XXX

fuzzy notepad

Inktober

  1. Blog
  2. [updates] updates

Inktober is an ancient and hallowed art tradition, dating all the way back to sometime, when it was started by someone. The idea is simple: draw something in ink every day. Real ink. You know. On paper.

I tried this last year. I quit after four days. Probably because I tried to do it without pencil sketches, and I’m really not very good at drawing things correctly the first time. I’d hoped that forcing myself to do it would spark some improvement, but all it really produced was half a week of frustration and bad artwork.

This year, I was convinced to try again without unnecessarily handicapping myself, so I did that. Three weeks and more than forty ink drawings later, here are some thoughts.

Some background

I’ve been drawing seriously since the beginning of 2015. I spent the first few months working primarily in pencil, until I was gifted a hand-me-down tablet in March; almost everything has been digital since then.

I’ve been fairly lax about learning to use color effectively — I have enough trouble just producing a sketch I like, so I’ve mostly been trying to improve there.

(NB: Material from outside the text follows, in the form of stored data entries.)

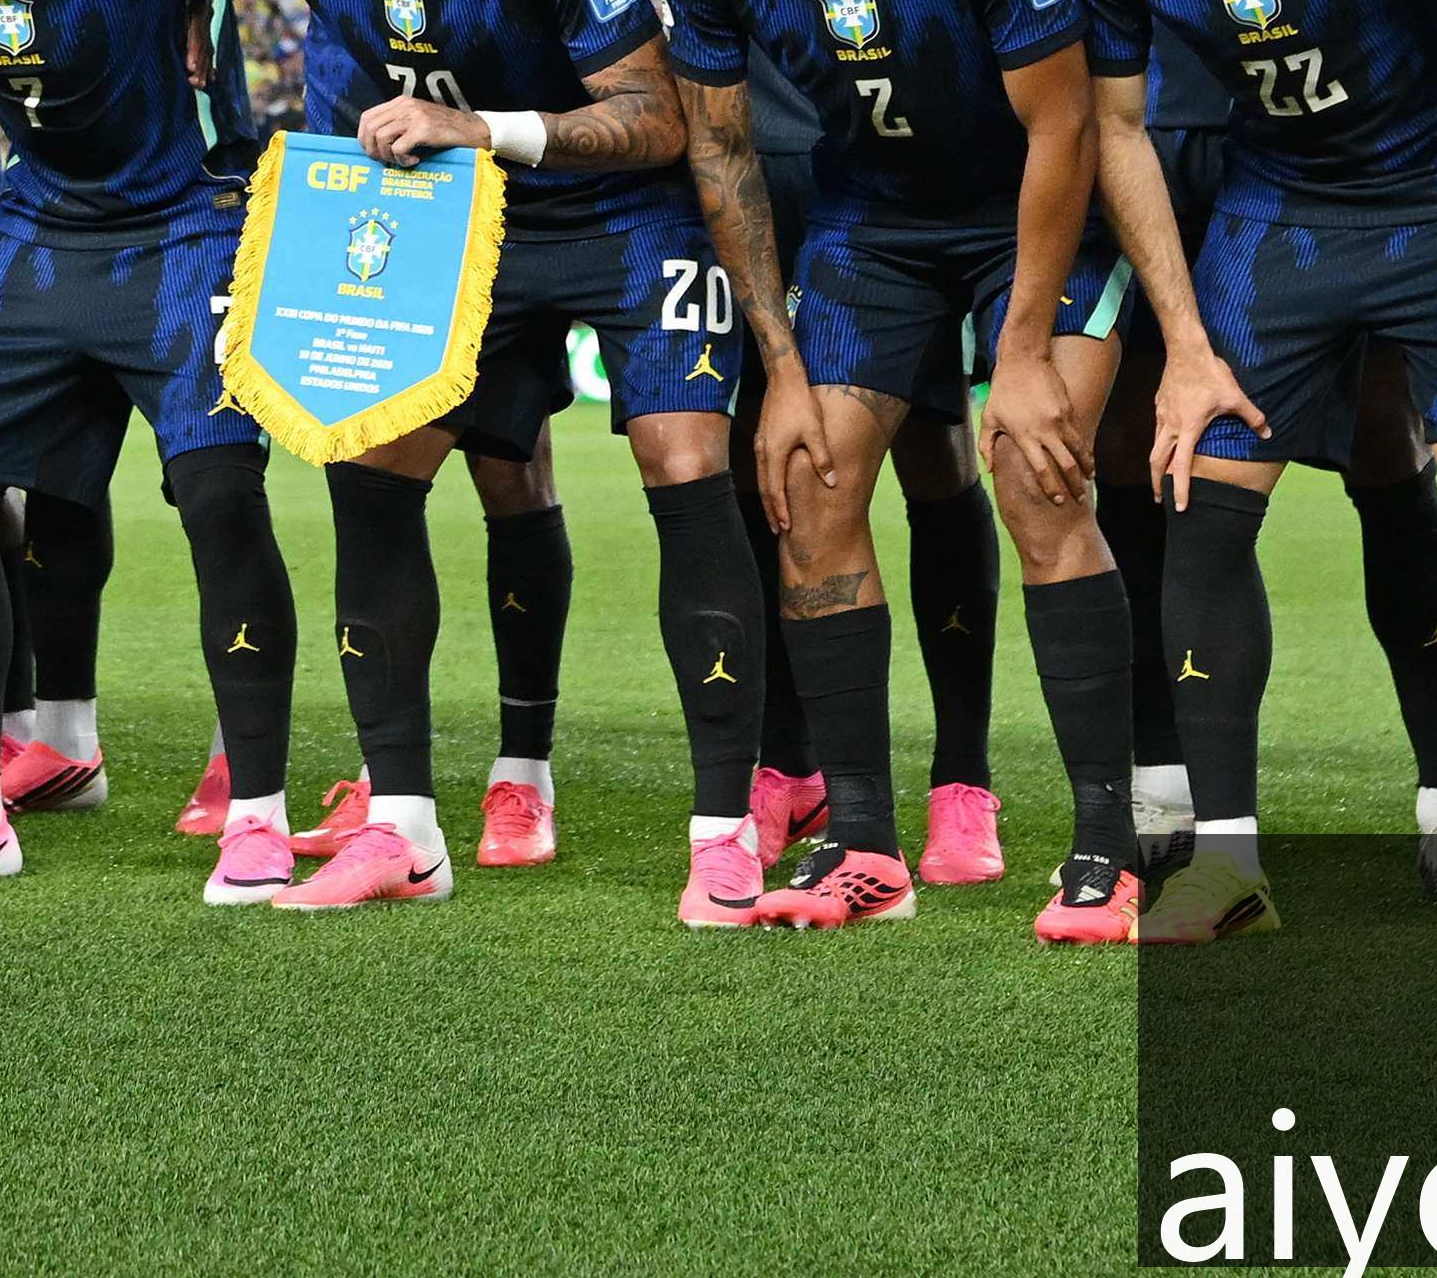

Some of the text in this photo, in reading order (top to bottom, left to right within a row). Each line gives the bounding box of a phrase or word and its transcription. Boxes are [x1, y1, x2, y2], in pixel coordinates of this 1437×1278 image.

[0, 14, 18, 23] CBF
[839, 6, 861, 16] CBF
[1237, 22, 1300, 46] BRASIL
[388, 37, 439, 54] BRASIL
[835, 46, 893, 62] BRASIL
[1240, 47, 1350, 117] 22
[7, 76, 44, 128] 7
[854, 77, 915, 138] 2
[307, 160, 372, 193] CBF
[381, 177, 435, 190] BRASILEIRA
[382, 168, 453, 183] CONFEDERAÇÃO
[394, 188, 435, 200] FUTEBOL
[337, 282, 385, 300] BRASIL
[661, 258, 734, 335] 20
[308, 363, 377, 381] PHILADELPHIA

Doesn’t feel worth the effort to color a sketch I’m not really happy with, and by the time I’m really happy with it, I’m itching to draw something else. Whoops. Until I get quicker or find some mental workaround, monochrome ink is a good direction to try.

I have an ongoing “daily” pokémon series, so I’ve been continuing that in ink. (Everyone else seems to be using some list of single-word prompts, but I didn’t even know about that until after I’d started, so, whoops.)

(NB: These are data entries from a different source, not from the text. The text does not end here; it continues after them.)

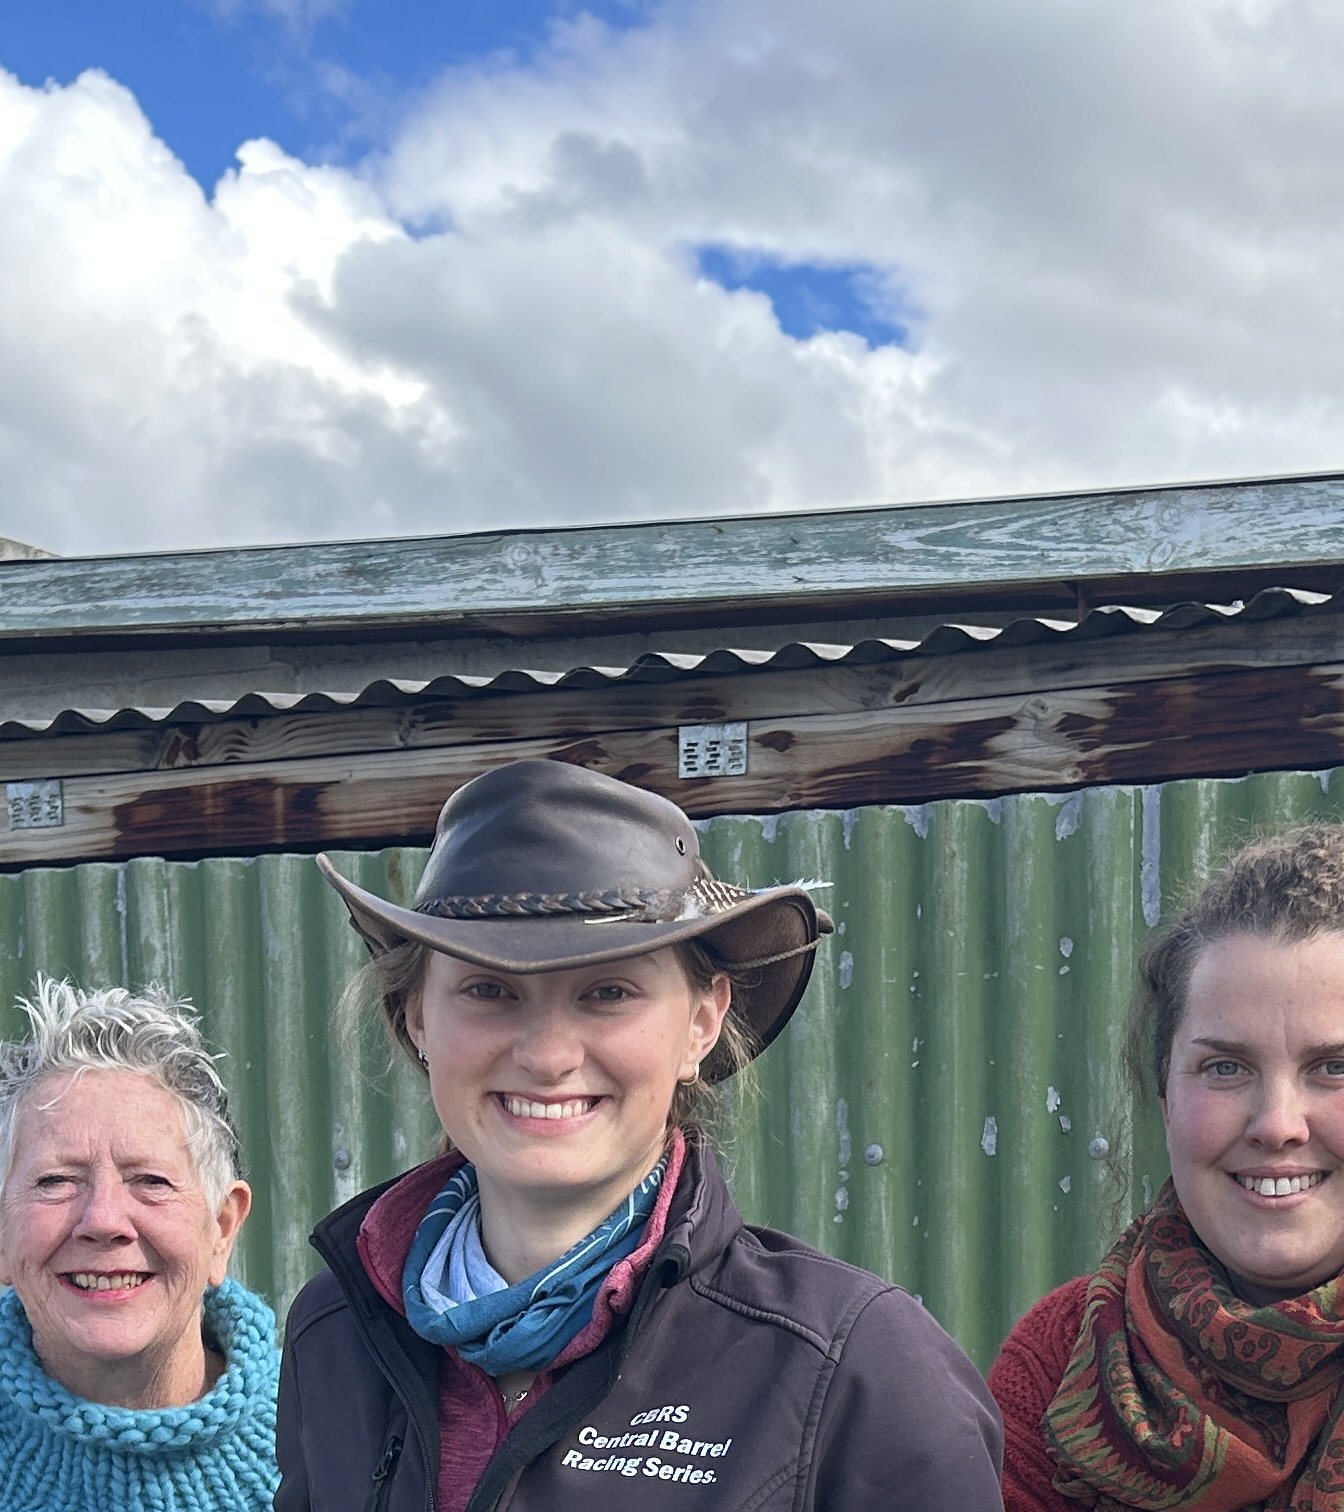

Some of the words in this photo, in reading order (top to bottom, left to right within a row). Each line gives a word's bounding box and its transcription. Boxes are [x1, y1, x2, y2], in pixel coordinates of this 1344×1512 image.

[629, 1404, 691, 1427] CBRS
[577, 1426, 660, 1450] Central
[659, 1430, 733, 1458] Barrel
[561, 1449, 643, 1477] Racing
[642, 1457, 718, 1485] Series.

I’ve got a few things I want to get better at:

  • Detailing, whatever that means. Part of the problem is that I’m not sure what it means. My art is fairly simple and cartoony, and I know it’s possible to be more detailed without doing realistic shading, but I don’t have a grasp of how to think about that.

  • Better edges, which mostly means line weight. I mentally categorize this as a form of scale, which also includes tips like “don’t let parallel lines get too close together” and “don’t draw one or two very small details”.

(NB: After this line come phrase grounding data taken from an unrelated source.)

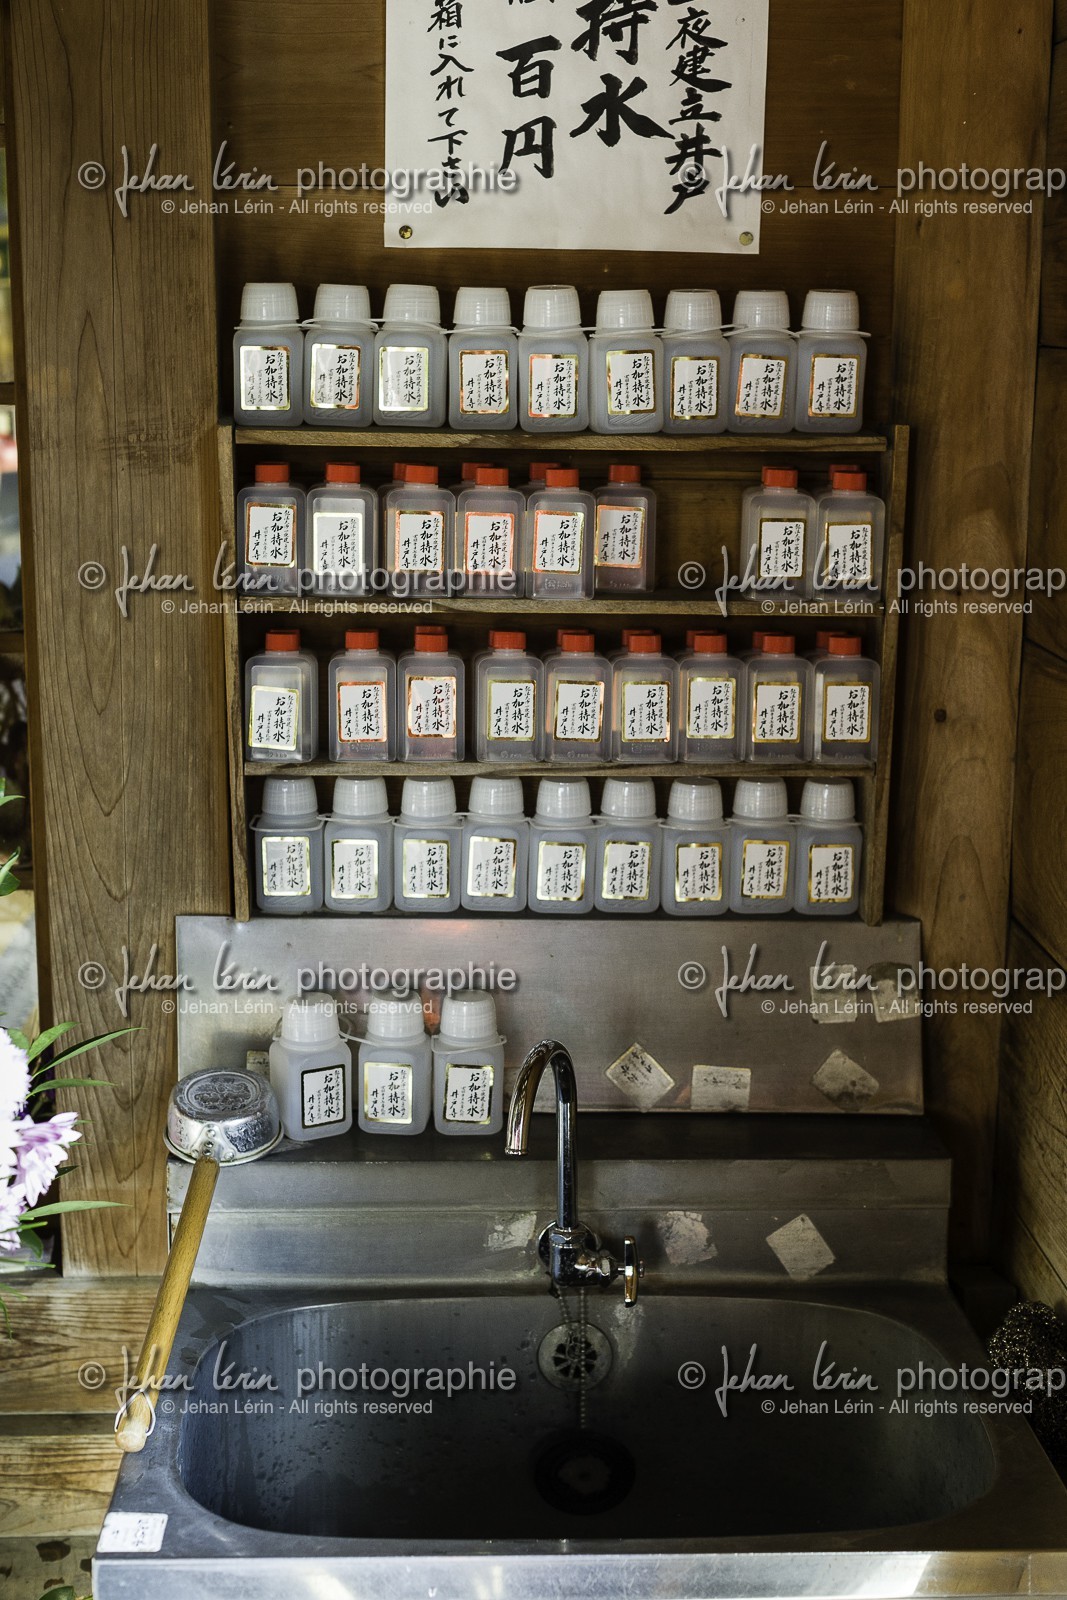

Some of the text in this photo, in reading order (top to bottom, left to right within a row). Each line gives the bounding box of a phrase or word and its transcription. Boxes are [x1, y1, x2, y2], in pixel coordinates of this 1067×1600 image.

[497, 0, 562, 179] 百円
[264, 354, 278, 403] お加持水
[334, 354, 348, 402] お加持水
[403, 355, 416, 403] お加持水
[484, 358, 497, 406] お加持水
[552, 363, 566, 410] お加持水
[632, 358, 646, 407] お加持水
[694, 365, 708, 413] お加持水
[759, 363, 775, 411] お加持水
[833, 363, 848, 411] お加持水
[270, 512, 284, 559] お加持水
[338, 520, 351, 567] お加持水
[420, 519, 433, 567] お加持水
[488, 521, 502, 567] お加持水
[557, 519, 571, 566] お加持水
[618, 514, 632, 561] お加持水
[781, 525, 795, 572] お加持水
[849, 529, 862, 576] お加持水
[273, 696, 287, 742] お加持水
[361, 689, 375, 735] お加持水
[431, 685, 445, 731] お加持水
[511, 688, 525, 734] お加持水
[577, 688, 592, 734] お加持水
[645, 688, 659, 735] お加持水
[710, 685, 723, 731] お加持水
[776, 690, 789, 736] お加持水
[846, 689, 860, 736] お加持水
[323, 1073, 336, 1118] お加持水
[388, 1072, 400, 1116] お加持水
[466, 1073, 481, 1117] お加持水

  • Better backgrounds and environments. Or, let’s be honest, any backgrounds and environments — I draw an awful lot of single characters floating in an empty white void. My fixed-size canvas presents an obvious and simple challenge: fill the page!

  • More interesting poses, and relatedly, getting a better hang of anatomy. I started drawing the pokémon series partly for this reason: a great many pokémon have really unusual shapes I’ve tried drawing before. Dealing with weird anatomy and trying to map it to my existing understanding should hopefully flex some visualization muscles.

  • Lighting, probably? I’m aware that things not facing a light source are in shadow, but my understanding doesn’t extend very far beyond that. How does light affect a large outdoor area? How can you represent the complexity of light and shadow with only a single pen? Art, especially cartoony art, has an entire vocabulary of subtle indicators of shadow and volume that I don’t know much about.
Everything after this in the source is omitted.